OSTLER I.

This is the first of what will doubtless be numerous reports on Empires of the Word: A Language History of the World (see this post for background). I’ve only read the prologue, and I’m already thrilled. It starts off “On 8 November 1519 Hernán Cortés and a band of three hundred Spaniards met for the first time the supreme ruler of Mexico.” Ostler sets the scene, the ruler of a great empire in his finery confronting the bearded newcomer, and says “Then Motecuhzoma, whose official title was tlatoani, ‘speaker’, returned to greet his guests… Their words set the tone for all that was to follow… It was the first step towards the replacement of Nahuatl as the imperial language of Mexico, and the progress of Spanish towards its establishment as the language first of government and religion and then of everything else in the New World. Motecuhzoma opened with a flowery speech in Nahuatl…” So far, so good: a famous moment dramatizing a turning point in the history of language. Then you turn the page and find that all excerpts from the speech are given in Nahuatl as well as in English translation!

Totēukyoe, ōtikmihiyōwiltih ōtikmoziyawiltih.
Our Lord, how you must have suffered, how fatigued you must be.

After the first couple of excerpts, he gives the Nahuatl in footnotes, but it’s all there, in “a convenient form of romanised spelling” based on linguistic analysis rather than simply reproducing the inconsistent (and of course hispanicized) transcription of Bernardino de Sahagún. Compare the snippet shown in the right column here (“[first line illegible: thanks, Google snippet view!]…oipan tommovetzitico in mopetlatzin, in mocpaltzin, in oachitzinca njmjtzōnopielili, in onjmjtzonnotlapielili…”) to the semi-rationalized version here (499. *oitech*. oitech tommopachihuiltico in matzin, in motepetzin mexico, oipan tommohuetzitico in mopetlatzin, in mocpaltzin, in huachitzinca nimitzonnopielili, in onimitzonnotlapielili…”) and Ostler’s version (h represents the glottal stop): “ō īteč tommopāčiwiltīko in mātzin in motepētzin, Mešihco, ō īpan tommowetziko in mopetlatzin, in mokpaltzin, in ō ačitzinka nimitzonnopiyalīlih, in ōnimitzonnotlapiyalīlih…” (‘you have approached your water, your high place of Mexico, you have come down to your mat, your throne, which I have briefly kept for you, I who used to keep it for you’). The account of Cortés’s response is, of course, given in both English and Spanish. And the epigraph to Part I (The Nature of Language History) is a quote from Plutarch, given in both Greek and English.

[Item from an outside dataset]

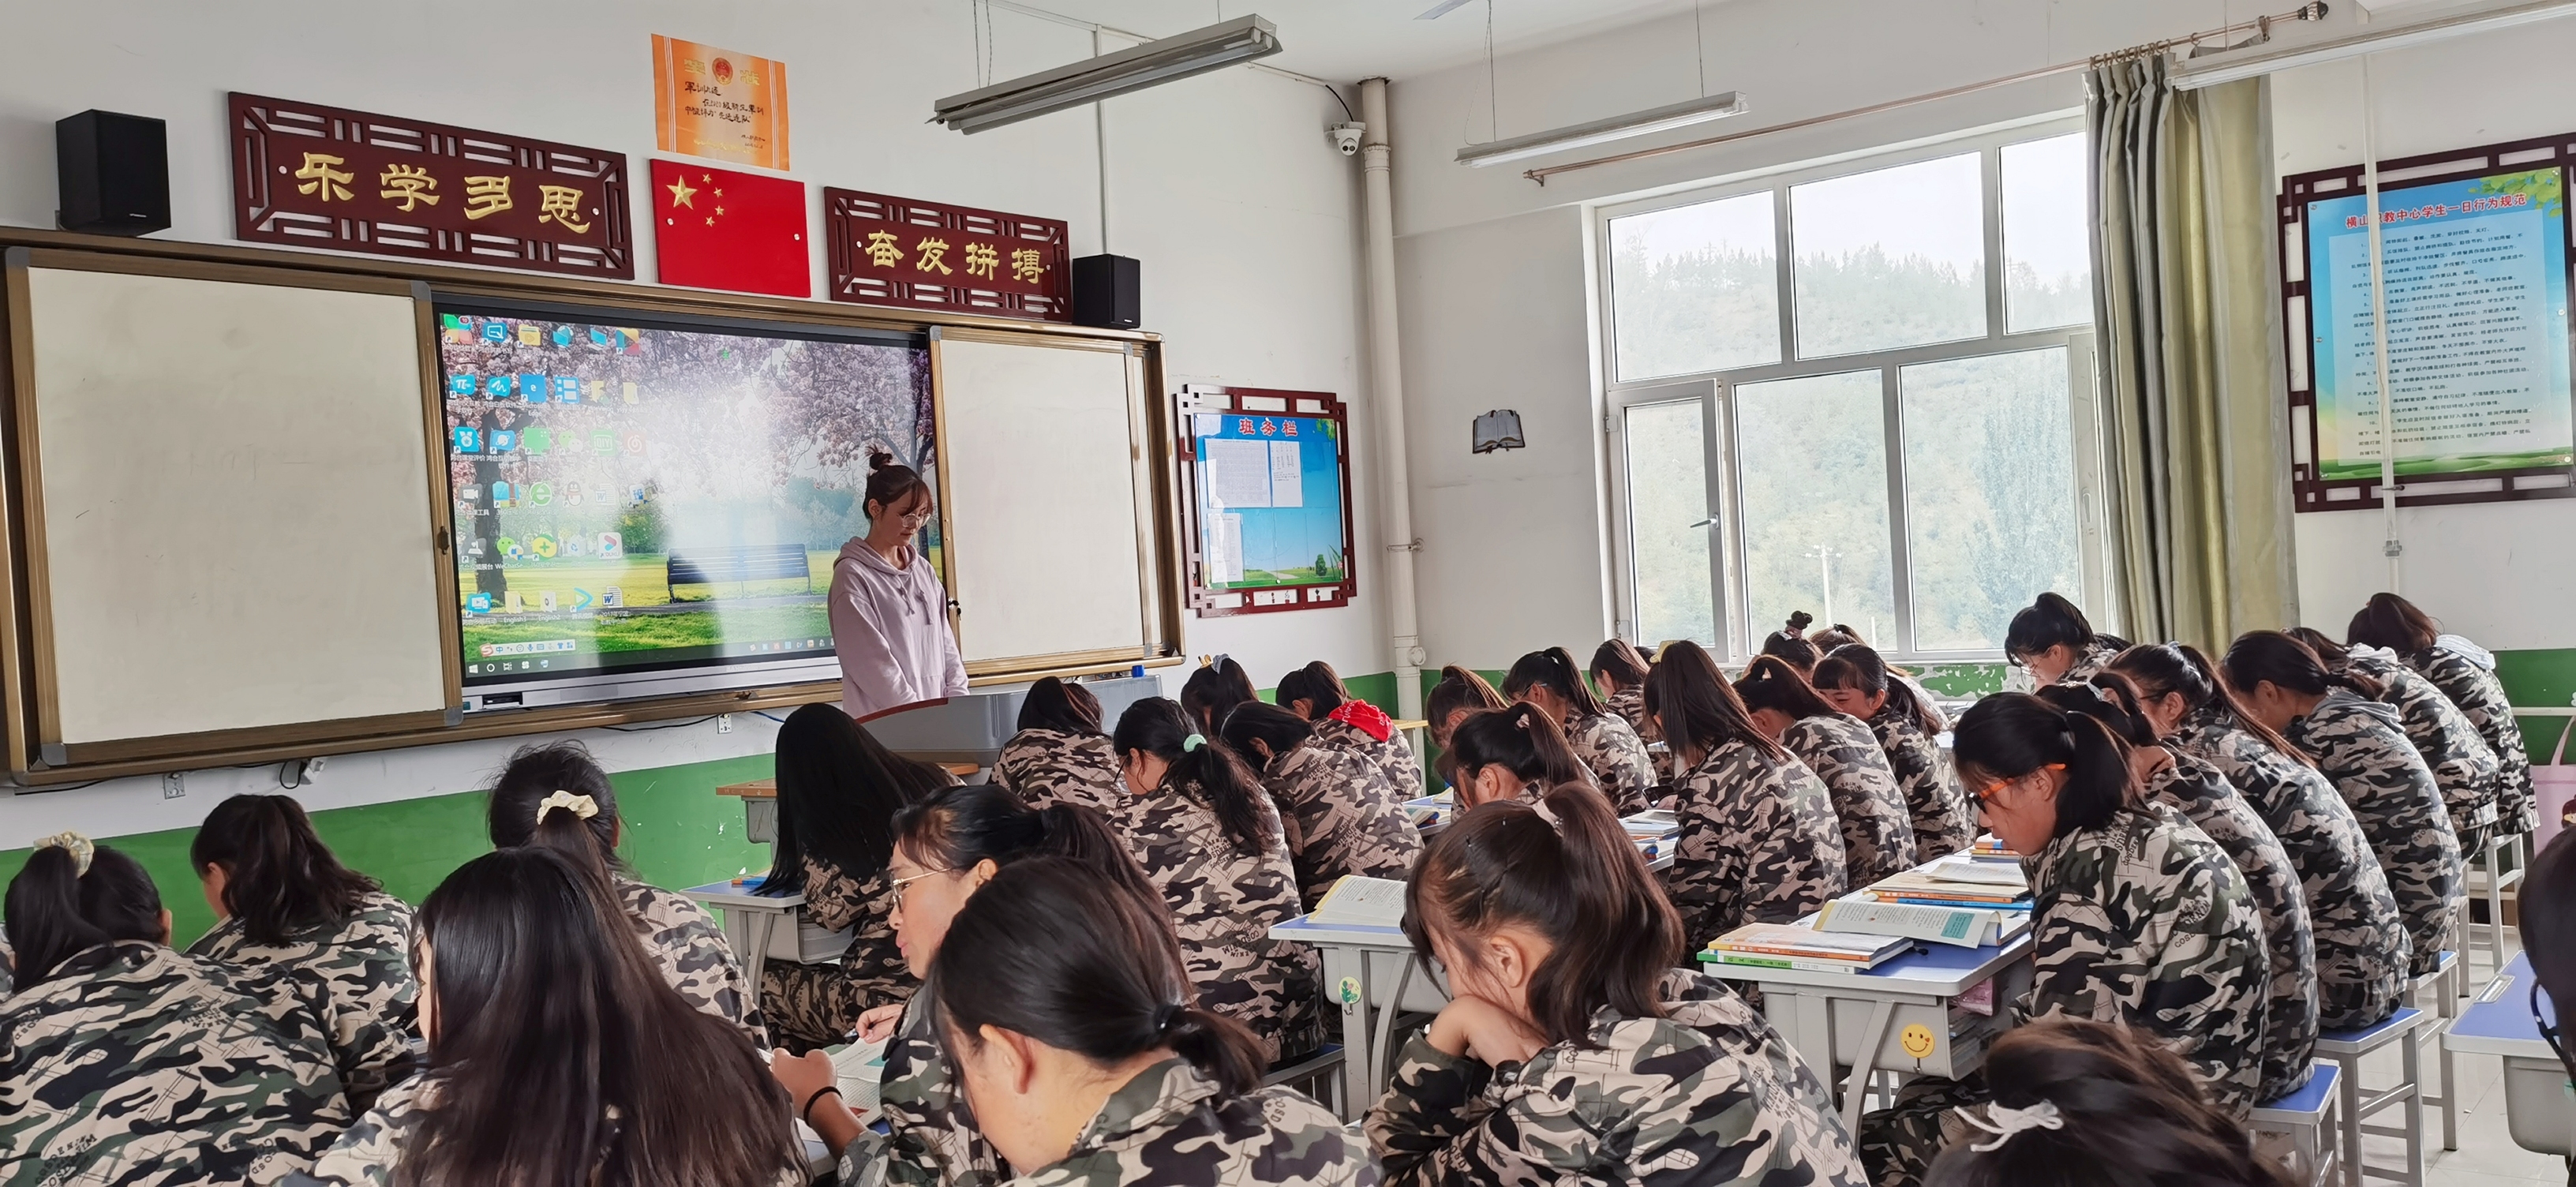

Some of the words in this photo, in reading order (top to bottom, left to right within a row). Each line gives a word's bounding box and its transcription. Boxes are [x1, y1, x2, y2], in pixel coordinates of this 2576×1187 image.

[295, 152, 592, 234] 乐学多思
[864, 230, 1045, 285] 奋发拼搏
[1238, 418, 1298, 436] 班务栏

Like Helen DeWitt, I want to see books printed with all relevant languages in their proper form, and I see no reason why this cannot be done with today’s techonology. I’m sure it was a nightmare getting the Ostler book typeset (and I think I caught a mistake in the Nahuatl: shouldn’t “tommowetziko” be “tommowetzitīko”?), but it’s a shining example of what can and should be accomplished.


Addendum. Conrad quite rightly asks what Plutarch passage is quoted; it’s the one where Themistocles compares language to carpets:

[King Xerxes] gave Themistocles leave to speak his mind freely on Greek affairs. Themistocles replied that the speech of man was like rich carpets, the patterns of which can only be shown by spreading them out; when the carpets are folded up, the patterns are obscured and lost; and therefore he asked for time. The king was pleased with the simile, and told him to take his time; and so he asked for a year. Then, having learned the Persian language sufficiently, he spoke with the king on his own…
Plutarch, Themistocles, 29.5

(Greek here.)

Comments

  1. What’s the Plutarch quote? P is fascinating on language in one of his essays on the oracle.

  2. It’s perfectly fine nowadays to publish bibliographical references to articles in Georgian using the Georgian script: if you can read one, you can read the other. But transliteration (and minority orthographies) have their place: Li & Thompson’s Mandarin Chinese: A Functional Reference Grammar would have been utterly useless, rather than invaluable, to me if it had used standard orthography rather than Pinyin throughout; the famous “nu nindan ezzateni wadar ma kuteni” would be utterly inaccessible in cuneiform; (hypothetical) Indo-Europeanist articles that printed Armenian forms in Armenian script would be the more uninterpretable (and truthfully I wish they’d use Latin transliteration for the Greek forms, too).
    See Nick Nicholas’s excellent page Don’t Proliferate, Transliterate! (part of his Greek Unicode pages for when and why scholars employ consistent transliteration rather than original scripts.

  3. That Nicholas page is indeed excellent—thanks!

  4. John Emerson says

    Chinese script is an inexhaustible source of the kind of problems Nicholas cites. Even between the Ch’in standardization and the Communist reform there are multitudinous difficulties (and many times more outside those limits). On top of that there’s no agreement about transliteration yet.

  5. caffeind says

    The Spanish America section of Ostler had the most original material. The main theme seems to be that survival and expansion of the major indigenous languages was not inevitable but in large part a result of Spanish and Church policies. I knew a little about this but he provides much more detail.
    The Greek section also has a detailed and thoughtful discussion of the factors involved in the rise and eventual fall of Greek as a lingua franca.

  6. injc contlatlauhti, qujlhuj. Totecujoe oticmjhiovilti, oticmociavilti, otlaltitech tommaxitico, oitech tommopachiviltico in Matzin, in motepetzin mexico, oipan tommovetzitico in mopetlatzin, …

    I had something else to track down in v. 12. (Which Google Books doesn’t make it easy to determine is the one, either.) It’s a newer edition, so the English is slightly different. It seems to match this, so I won’t bother typing it.

  7. I want to see books printed with all relevant languages in their proper form.
    The food [eats] column in this week’s Weekly Dig (the alternative alternative free newspaper in Boston) did a roundup of Scallion Pancakes around town. And the author included the Hanzi / Hangul for the various pancakes he tried / discussed.
    Apparently they’re redoing the website, so I can’t link to it online. But it included cong you bing 蔥油餅, pajon 파전, zhua bing 抓餅, and jiu cai he zi 韭菜合子. Since you sometimes see other characters for some of these (葱, 韮, 盒), he may even be recording the way the particular restaurant spells it.